Besides the formal portrait, there are pictures of our travel adventures:

Standing by the “Utopia” sign that we found driving around New Zealand in the middle of nowhere.
With your raised fist by graffiti that says “Revolt” in a yard in New York. You always favored wearing red.
Capturing your interest for geology: in front of an escarpment in Newfoundland.

There are some of your favorite things:

A portrait of FDR
An IWW patch
A bust of Engels
The plumerias from our years in Papa’aloa, Hawaii
Your glasses. Your Speedball pen, which you always left uncapped

There’s the traditional flowers, cempasuchitl, water and salt. And the drinks and foods you loved:

Oatmeal, because you were a good Irish
Mexican hot chocolate
Irish cream (the Costco one was cheaper and better than Bailey’s)
And Coke Zero with the anarchist red and black

We imagine you driving in your Ford truck on a road with thousand-foot drops. Searching for that eclogite metamorphic rock, and listening to Coltrane as you turn the bend.

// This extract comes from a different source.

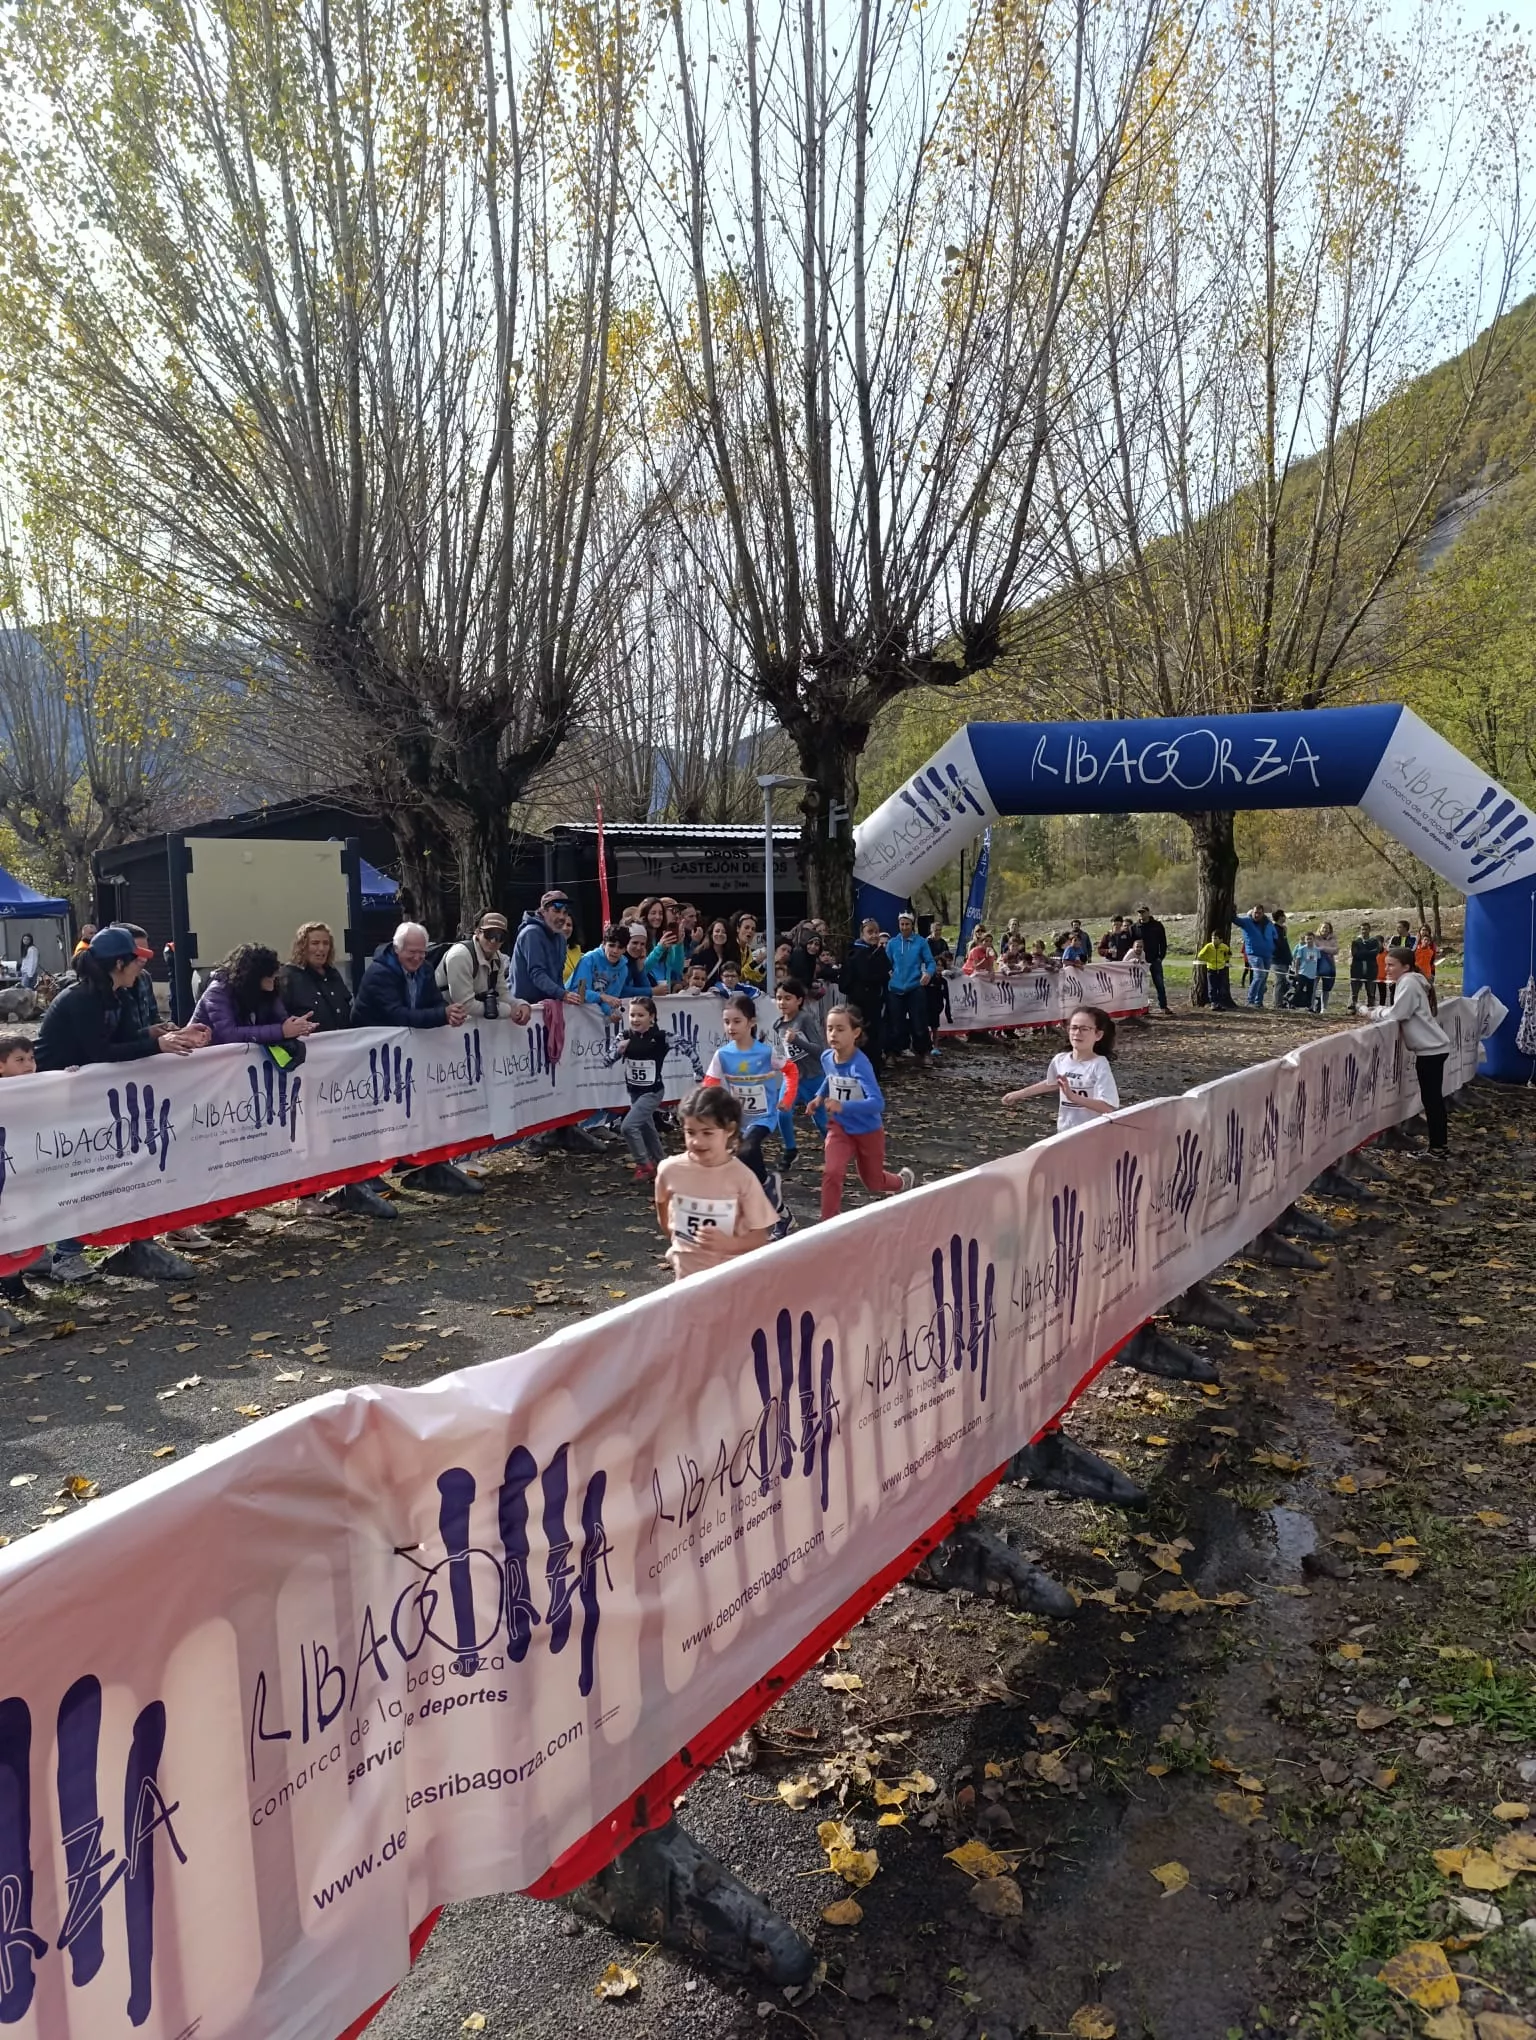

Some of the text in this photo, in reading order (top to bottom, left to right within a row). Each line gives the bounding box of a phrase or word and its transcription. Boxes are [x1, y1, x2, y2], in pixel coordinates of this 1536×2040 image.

With ‘City of Quartz’ and other influential works, Mike Davis shaped generations of thinking about Los Angeles and its origins.

Mike’s ofrenda to us

Mike was the kind of person who was reading the news even on the last day. He was a person who always wrote because he had this belief that you could make the world better — not by ignoring the problems in it, but by pointing to them.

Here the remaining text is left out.